What this task involves — There is a line below that contains "Some of the text". Please reproduce it and all following lines exactly, through the final one.

Spatial localization data —
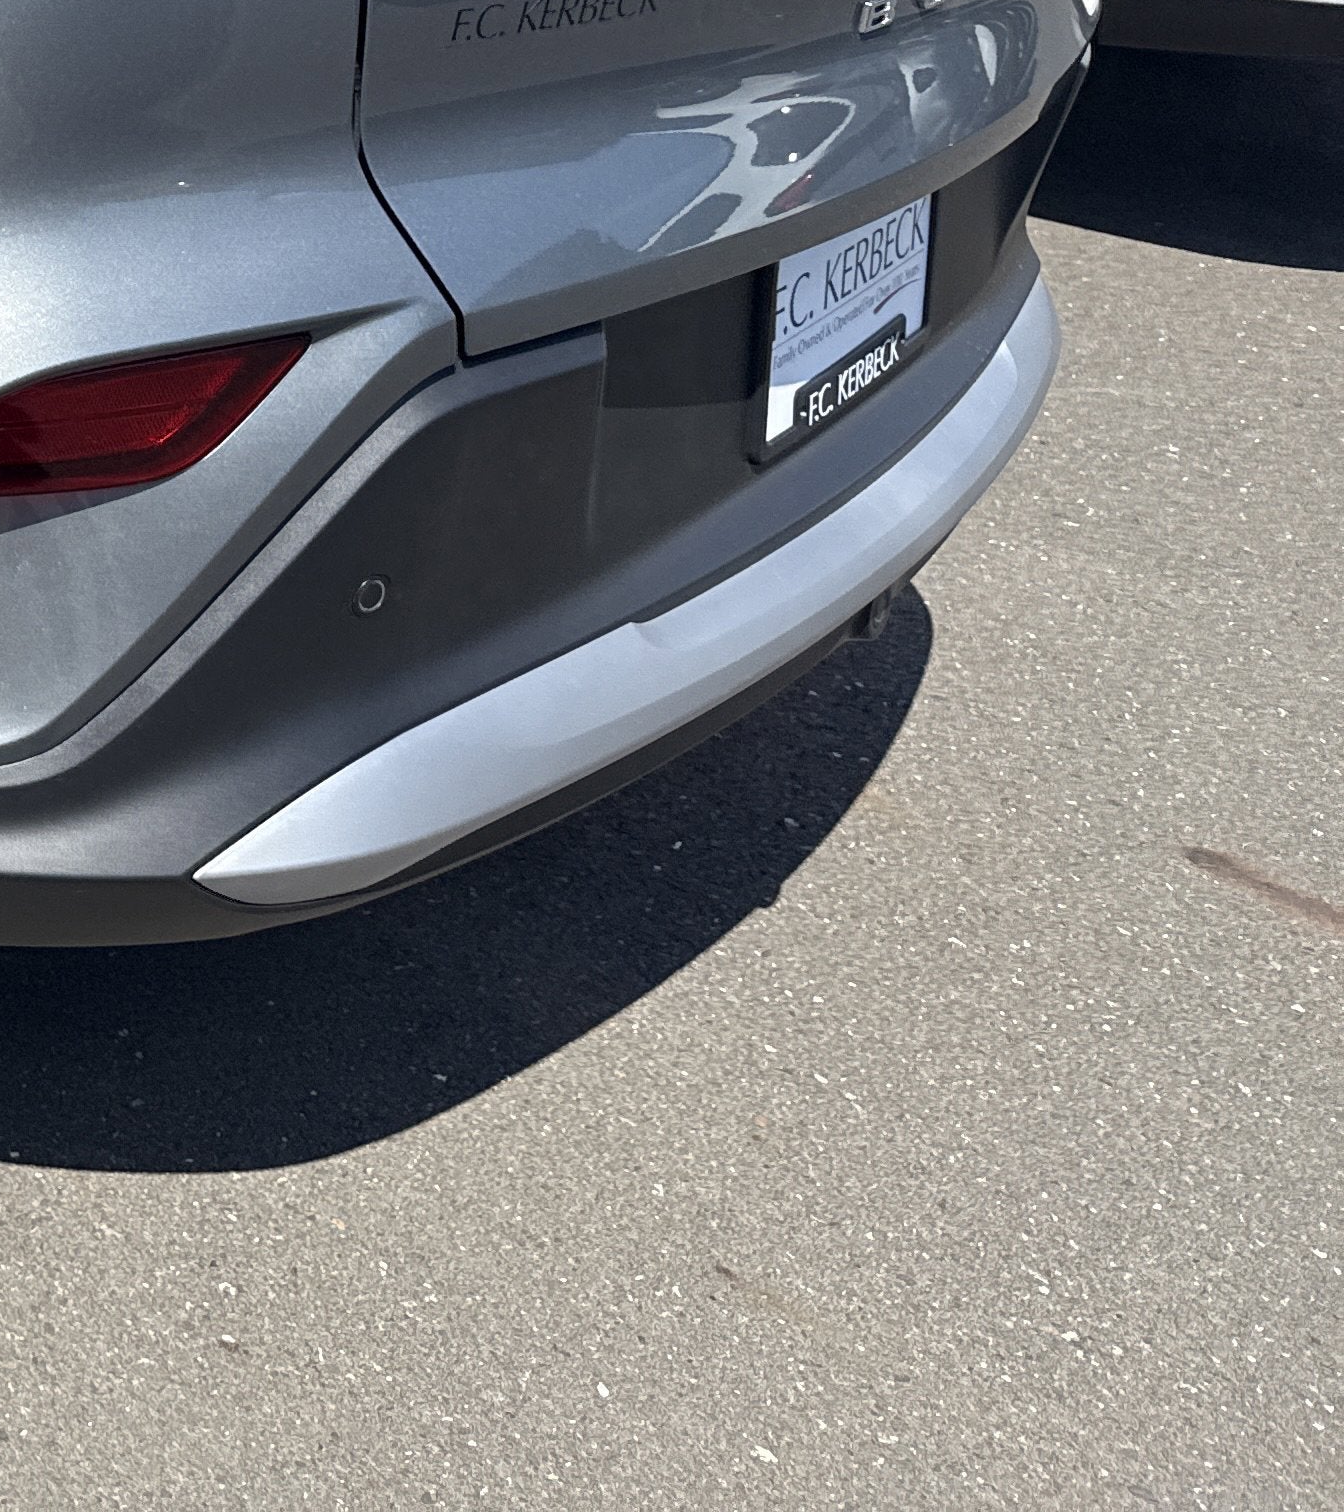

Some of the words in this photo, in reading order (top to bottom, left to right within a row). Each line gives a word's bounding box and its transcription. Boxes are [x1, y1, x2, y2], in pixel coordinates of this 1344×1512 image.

[450, 3, 506, 42] F.C.
[824, 198, 926, 310] KERBECK
[808, 381, 834, 427] F.C.
[837, 331, 901, 406] KERBECK
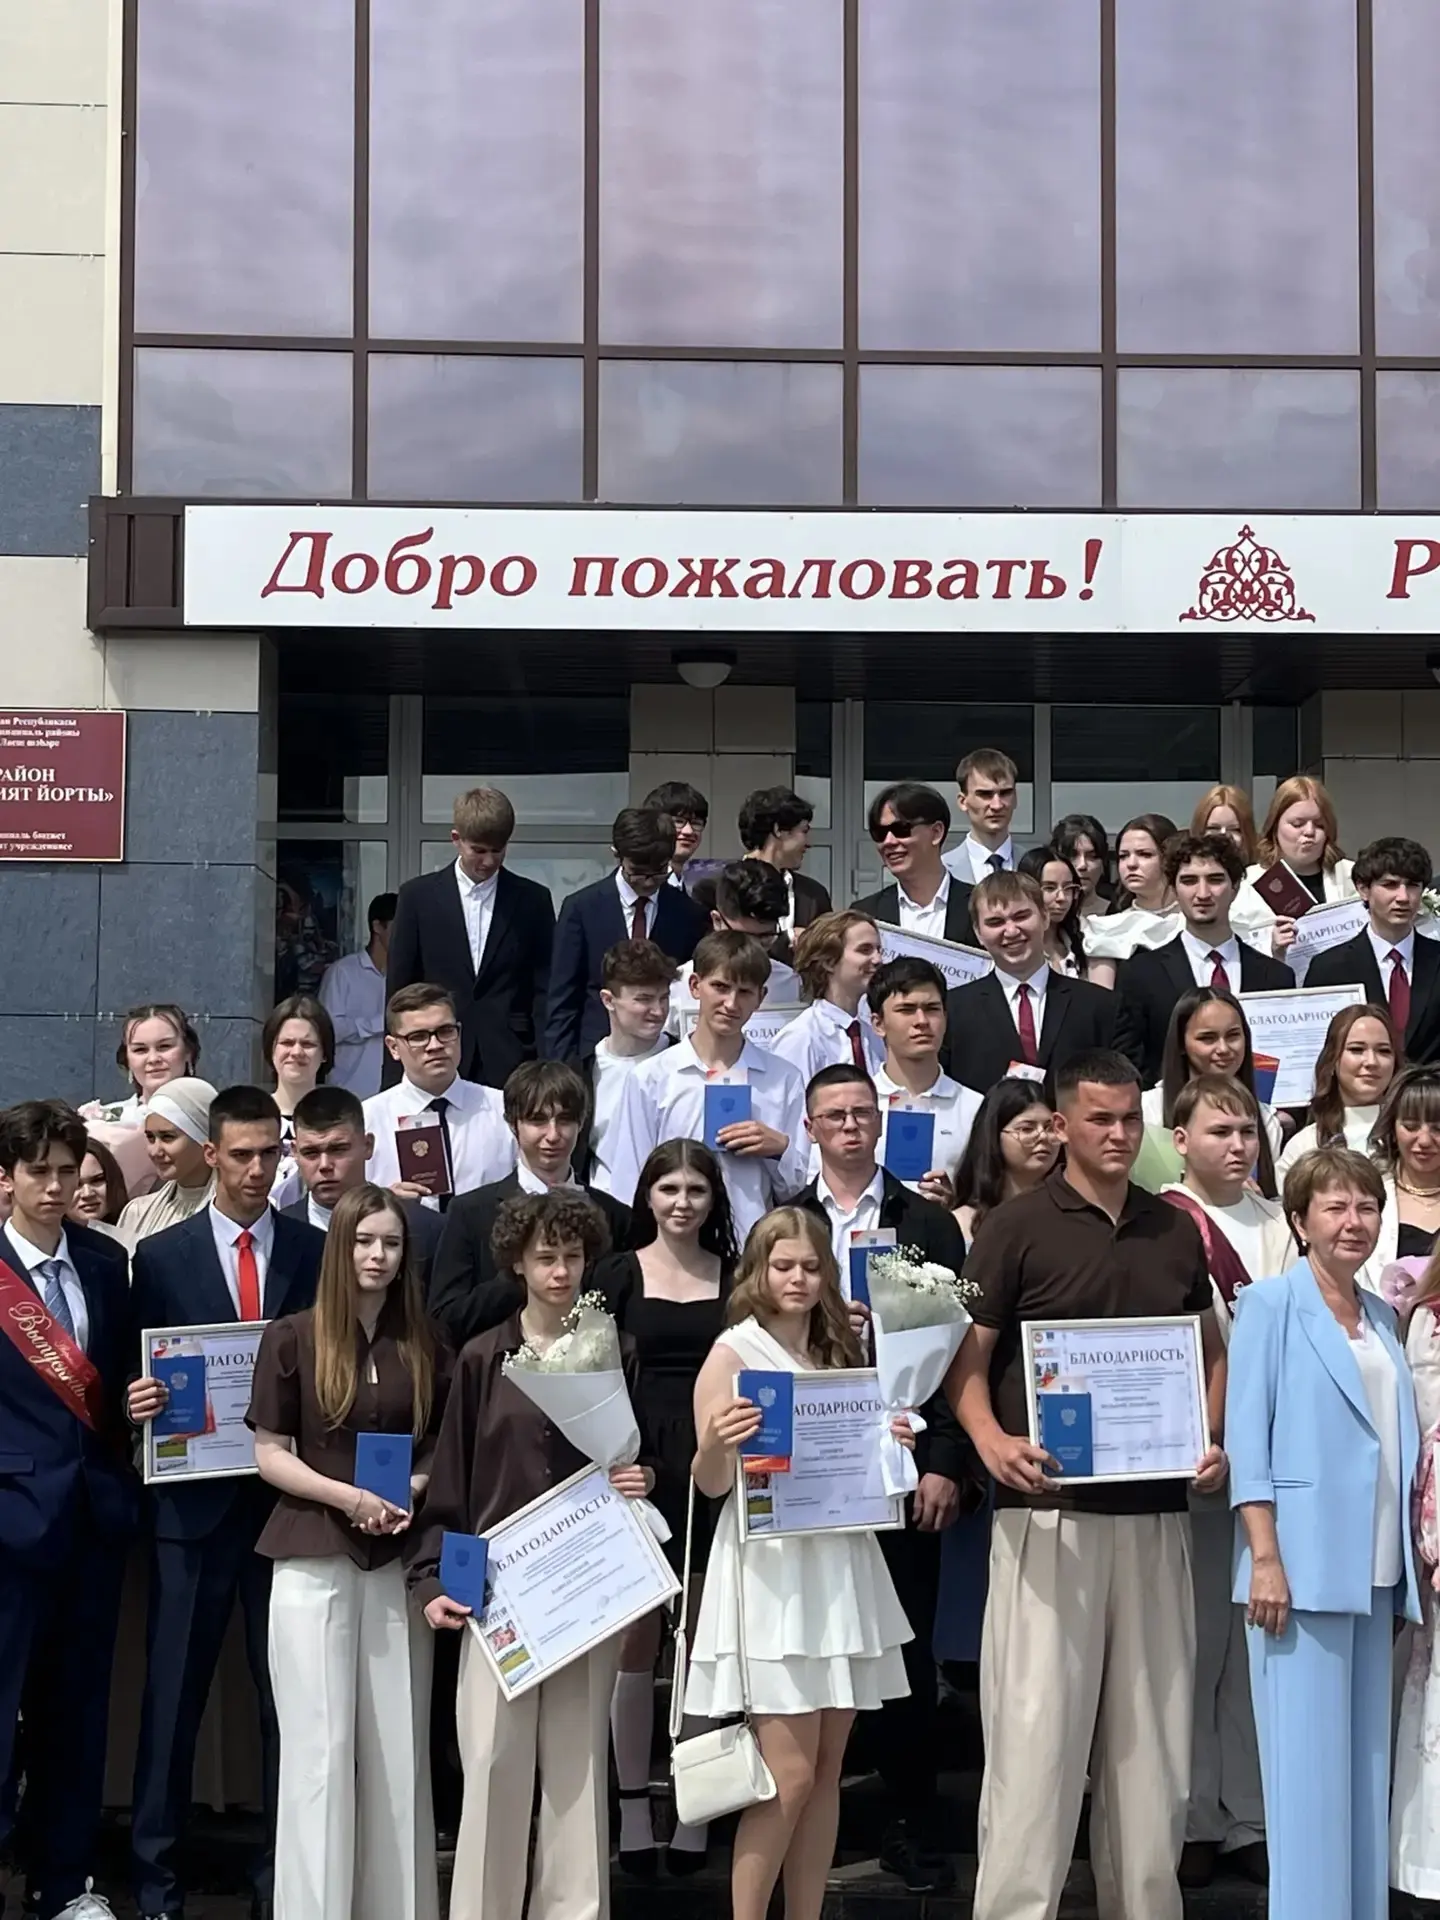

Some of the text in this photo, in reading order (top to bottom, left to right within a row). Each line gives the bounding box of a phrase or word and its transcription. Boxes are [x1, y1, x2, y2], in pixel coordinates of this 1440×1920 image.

[261, 527, 1103, 610] Добро пожаловать!
[1386, 539, 1440, 599] Р
[0, 764, 55, 782] РАЙОН
[37, 784, 114, 802] ЙОРТЫ»
[1069, 1348, 1185, 1365] БЛАГОДАРНОСТЬ
[496, 1493, 612, 1572] БЛАГОДАРНОСТЬ

Exercise solution —
Some of the text in this photo, in reading order (top to bottom, left to right within a row). Each line gives the bounding box of a phrase or word and its transcription. Boxes are [x1, y1, x2, y2], in pixel coordinates of this 1440×1920 image.

[261, 527, 1103, 610] Добро пожаловать!
[1386, 539, 1440, 599] Р
[0, 764, 55, 782] РАЙОН
[37, 784, 114, 802] ЙОРТЫ»
[1069, 1348, 1185, 1365] БЛАГОДАРНОСТЬ
[496, 1493, 612, 1572] БЛАГОДАРНОСТЬ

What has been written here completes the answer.